Los estoicos propondrán salir de este atolladero narcisista con una sabiduría que dé cuenta de un orden del mundo en el que todo lo que es deja de ser para volver a ser. Nos aconsejan salir de la línea fugaz y horizontal del deseo para remitirnos a la circularidad de una existencia necesaria, y aceptar La marcial gloria de la aceptación. Spinoza la llamó beatitud.

Es ésta una visión racionalista de la moral y del "cura sui", el cuidado de sí. Se supone que la fuerza del logos domina las pasiones y las convierte en otra cosa: en una sabiduría. Quizás hoy en día, luego de los descubrimientos freudianos de un inconsciente que actúa travestido, que ha mostrado las trampas de las elaboraciones secundarias, y luego de varias exhibiciones fáusticas de la racionalidad, la identificación de la razón con la sabiduría ha sido fisurada. Salvo para los epistemólogos aterrados por el relativismo y las apatías morales.
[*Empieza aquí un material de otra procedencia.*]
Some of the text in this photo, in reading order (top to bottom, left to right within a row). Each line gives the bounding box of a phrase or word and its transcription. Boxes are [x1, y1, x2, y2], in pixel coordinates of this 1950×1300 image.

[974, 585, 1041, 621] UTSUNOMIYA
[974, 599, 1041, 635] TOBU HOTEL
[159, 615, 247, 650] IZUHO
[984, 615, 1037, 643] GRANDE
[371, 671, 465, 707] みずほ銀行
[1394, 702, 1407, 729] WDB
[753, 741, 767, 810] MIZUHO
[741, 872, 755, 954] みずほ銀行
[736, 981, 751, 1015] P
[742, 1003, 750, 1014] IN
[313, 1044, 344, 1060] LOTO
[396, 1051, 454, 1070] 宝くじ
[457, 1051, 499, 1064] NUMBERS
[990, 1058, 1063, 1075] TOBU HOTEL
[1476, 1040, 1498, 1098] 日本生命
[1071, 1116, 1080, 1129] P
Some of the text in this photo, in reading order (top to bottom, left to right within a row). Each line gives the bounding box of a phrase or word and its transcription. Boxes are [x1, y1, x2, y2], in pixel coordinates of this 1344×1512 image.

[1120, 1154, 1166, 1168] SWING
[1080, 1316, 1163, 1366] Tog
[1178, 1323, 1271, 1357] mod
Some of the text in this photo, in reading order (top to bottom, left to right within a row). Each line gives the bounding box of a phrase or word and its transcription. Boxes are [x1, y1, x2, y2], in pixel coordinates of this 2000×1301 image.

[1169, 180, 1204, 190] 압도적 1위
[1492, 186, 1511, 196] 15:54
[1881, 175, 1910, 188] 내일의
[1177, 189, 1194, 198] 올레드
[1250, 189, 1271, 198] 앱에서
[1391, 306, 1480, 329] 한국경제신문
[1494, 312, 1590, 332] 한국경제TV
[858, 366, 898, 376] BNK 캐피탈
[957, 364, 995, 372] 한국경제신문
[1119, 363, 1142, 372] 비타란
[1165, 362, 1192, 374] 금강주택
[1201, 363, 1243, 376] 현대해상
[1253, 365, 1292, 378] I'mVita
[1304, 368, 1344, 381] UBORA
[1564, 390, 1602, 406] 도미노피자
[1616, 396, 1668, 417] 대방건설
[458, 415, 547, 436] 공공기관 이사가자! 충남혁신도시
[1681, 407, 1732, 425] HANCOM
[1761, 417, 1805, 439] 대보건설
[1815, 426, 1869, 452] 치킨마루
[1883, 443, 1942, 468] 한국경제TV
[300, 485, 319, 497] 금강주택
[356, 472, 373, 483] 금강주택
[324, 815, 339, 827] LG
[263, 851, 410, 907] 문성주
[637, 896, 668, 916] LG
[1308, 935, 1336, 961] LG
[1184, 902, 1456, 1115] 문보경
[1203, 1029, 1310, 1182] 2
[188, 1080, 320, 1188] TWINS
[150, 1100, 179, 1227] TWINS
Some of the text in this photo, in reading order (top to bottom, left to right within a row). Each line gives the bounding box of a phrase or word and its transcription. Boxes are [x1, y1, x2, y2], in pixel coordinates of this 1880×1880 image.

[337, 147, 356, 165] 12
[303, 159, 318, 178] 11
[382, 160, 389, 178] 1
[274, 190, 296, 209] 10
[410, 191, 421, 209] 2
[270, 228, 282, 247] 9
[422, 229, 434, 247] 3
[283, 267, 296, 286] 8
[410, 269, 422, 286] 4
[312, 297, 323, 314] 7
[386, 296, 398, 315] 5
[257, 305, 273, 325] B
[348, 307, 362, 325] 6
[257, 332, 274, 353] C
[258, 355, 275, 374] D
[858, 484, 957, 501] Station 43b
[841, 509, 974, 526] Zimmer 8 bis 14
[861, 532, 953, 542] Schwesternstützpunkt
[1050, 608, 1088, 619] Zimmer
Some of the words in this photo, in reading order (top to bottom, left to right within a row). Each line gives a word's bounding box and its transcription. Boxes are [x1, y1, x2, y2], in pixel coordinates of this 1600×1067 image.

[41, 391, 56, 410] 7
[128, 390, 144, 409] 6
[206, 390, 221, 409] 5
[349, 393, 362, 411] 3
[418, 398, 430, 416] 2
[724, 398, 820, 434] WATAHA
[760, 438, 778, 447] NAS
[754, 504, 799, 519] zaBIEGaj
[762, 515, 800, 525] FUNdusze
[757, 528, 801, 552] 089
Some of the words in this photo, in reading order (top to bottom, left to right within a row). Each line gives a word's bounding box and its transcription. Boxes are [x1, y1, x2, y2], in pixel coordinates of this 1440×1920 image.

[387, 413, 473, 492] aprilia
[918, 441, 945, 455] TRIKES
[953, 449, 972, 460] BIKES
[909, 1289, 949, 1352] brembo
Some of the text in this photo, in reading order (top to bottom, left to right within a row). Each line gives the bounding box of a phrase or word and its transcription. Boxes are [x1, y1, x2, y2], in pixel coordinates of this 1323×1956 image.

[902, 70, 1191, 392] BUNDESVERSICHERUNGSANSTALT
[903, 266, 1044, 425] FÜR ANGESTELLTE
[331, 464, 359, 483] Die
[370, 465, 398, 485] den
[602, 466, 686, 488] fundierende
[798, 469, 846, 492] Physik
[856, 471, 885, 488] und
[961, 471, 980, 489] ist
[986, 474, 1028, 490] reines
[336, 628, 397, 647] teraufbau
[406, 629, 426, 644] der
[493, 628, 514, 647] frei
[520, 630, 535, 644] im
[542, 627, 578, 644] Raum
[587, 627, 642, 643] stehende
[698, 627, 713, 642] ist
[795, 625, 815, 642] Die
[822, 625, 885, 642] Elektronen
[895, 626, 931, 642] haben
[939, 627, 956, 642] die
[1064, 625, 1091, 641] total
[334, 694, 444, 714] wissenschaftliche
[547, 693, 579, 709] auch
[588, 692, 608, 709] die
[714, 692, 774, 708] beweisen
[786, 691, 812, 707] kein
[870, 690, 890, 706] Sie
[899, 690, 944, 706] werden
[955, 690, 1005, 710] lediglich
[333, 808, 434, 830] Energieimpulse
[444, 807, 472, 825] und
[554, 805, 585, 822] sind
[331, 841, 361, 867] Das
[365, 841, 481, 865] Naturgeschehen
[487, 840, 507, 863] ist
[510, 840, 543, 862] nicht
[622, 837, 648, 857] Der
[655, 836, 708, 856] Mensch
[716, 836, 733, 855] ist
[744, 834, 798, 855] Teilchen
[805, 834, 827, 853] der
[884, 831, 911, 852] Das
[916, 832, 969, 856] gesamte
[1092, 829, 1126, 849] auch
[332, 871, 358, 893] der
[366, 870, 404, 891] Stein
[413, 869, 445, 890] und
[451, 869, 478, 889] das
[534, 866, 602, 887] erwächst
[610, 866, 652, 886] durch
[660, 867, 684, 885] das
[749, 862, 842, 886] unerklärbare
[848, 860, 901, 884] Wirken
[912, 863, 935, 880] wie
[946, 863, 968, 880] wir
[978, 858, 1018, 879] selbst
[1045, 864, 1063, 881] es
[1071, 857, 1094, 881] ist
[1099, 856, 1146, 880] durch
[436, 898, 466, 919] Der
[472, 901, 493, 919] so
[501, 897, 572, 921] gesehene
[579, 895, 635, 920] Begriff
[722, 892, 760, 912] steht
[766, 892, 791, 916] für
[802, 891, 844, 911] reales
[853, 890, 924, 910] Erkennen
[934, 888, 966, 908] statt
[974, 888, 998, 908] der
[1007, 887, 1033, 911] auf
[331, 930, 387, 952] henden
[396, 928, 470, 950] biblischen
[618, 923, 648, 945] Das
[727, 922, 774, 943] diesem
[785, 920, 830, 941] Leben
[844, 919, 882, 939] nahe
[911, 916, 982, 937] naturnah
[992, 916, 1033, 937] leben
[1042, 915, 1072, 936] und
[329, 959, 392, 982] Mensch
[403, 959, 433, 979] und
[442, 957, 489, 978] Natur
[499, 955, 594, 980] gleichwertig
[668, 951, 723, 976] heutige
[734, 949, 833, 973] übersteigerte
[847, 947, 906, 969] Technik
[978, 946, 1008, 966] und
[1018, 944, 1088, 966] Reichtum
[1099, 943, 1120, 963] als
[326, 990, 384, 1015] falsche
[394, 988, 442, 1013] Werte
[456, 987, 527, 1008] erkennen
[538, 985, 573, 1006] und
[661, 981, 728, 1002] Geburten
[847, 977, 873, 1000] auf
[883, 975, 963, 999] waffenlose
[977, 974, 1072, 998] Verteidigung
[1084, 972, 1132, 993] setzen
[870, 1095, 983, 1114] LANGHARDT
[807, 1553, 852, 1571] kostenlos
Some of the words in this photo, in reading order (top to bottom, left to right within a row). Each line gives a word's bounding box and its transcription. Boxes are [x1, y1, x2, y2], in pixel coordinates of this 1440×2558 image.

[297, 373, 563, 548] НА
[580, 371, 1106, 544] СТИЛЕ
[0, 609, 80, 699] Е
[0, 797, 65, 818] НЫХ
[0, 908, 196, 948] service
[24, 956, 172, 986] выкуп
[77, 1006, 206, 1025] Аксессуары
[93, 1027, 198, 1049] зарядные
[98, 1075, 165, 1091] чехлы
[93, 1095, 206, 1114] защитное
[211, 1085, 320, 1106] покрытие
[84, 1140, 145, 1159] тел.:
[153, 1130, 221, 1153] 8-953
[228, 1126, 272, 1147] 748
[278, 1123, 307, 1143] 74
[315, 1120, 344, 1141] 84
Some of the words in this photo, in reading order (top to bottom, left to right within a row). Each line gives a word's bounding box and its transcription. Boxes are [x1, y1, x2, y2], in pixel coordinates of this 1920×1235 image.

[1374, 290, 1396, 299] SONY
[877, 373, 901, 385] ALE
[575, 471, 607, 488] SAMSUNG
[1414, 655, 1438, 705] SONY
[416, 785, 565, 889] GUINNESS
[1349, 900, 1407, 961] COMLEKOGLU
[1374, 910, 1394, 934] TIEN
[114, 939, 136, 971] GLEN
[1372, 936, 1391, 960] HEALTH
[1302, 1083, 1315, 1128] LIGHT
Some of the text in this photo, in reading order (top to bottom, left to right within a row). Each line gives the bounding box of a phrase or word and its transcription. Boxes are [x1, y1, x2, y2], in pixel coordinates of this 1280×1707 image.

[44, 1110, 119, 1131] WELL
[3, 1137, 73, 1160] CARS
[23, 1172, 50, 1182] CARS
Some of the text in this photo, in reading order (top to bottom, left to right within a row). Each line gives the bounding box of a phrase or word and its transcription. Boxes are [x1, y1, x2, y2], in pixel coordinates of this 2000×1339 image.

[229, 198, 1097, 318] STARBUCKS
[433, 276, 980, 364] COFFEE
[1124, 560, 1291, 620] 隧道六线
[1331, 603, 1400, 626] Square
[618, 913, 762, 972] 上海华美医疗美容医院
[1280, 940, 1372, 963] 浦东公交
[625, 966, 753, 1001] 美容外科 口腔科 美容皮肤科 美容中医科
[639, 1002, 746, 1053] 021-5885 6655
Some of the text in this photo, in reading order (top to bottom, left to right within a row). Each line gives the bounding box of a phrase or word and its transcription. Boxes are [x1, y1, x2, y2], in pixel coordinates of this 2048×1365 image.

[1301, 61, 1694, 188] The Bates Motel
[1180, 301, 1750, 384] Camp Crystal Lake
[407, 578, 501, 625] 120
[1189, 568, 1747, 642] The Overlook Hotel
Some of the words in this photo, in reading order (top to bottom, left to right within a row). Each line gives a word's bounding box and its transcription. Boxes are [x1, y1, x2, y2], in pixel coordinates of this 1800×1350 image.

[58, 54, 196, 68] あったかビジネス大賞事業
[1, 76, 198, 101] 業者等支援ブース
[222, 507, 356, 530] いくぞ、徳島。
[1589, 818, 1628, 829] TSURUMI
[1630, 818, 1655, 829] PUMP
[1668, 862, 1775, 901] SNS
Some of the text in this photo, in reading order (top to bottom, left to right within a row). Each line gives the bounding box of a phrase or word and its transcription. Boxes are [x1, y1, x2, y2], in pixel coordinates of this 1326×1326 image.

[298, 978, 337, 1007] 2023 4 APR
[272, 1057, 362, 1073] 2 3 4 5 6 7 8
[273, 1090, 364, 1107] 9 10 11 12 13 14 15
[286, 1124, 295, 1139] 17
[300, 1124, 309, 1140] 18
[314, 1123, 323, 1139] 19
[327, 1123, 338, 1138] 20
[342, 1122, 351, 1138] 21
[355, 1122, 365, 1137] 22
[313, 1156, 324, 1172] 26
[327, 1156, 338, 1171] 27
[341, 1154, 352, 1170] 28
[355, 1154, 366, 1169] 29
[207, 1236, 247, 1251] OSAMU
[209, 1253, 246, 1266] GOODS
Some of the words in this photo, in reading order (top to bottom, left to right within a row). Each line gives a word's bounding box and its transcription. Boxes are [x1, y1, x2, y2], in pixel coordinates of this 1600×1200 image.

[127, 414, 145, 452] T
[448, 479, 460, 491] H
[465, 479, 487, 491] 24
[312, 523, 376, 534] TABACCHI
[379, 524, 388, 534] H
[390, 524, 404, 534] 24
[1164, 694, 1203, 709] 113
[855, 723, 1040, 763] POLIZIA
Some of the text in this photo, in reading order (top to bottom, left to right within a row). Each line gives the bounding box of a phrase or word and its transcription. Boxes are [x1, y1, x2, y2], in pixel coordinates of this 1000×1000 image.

Pero hay quienes intentan pensar el dolor sin aferrarse a una razón mítica que funciona como el control mental. No recurren a los médicos, no creen en los sedantes, ni se enceguecen con una variada lista de manías. No tienen nombre, aún no entiendo bien lo que piensan.

No sé aún si no han inventado un nuevo espejismo. Los escucho. Me interesa que digan que nuestra cultura ha inventado una forma de vivir el tiempo en el que es una carrera que nos lanza a buscar algo que tenemos por delante cuando no hace más que alejarnos de espaldas a lo que no queremos ver. La verdad es que no sé, a veces pienso que se hace lo que se puede.

Tomás Abraham es filósofo, docente y escritor. Dirigió la revista La caja. Entre sus numerosos libros se encuentran Historias de la Argentina deseada, El último oficio de Nietzsche, Pensadores bajos y otros escritos, La empresa de vivir, Situaciones postales y Fricciones.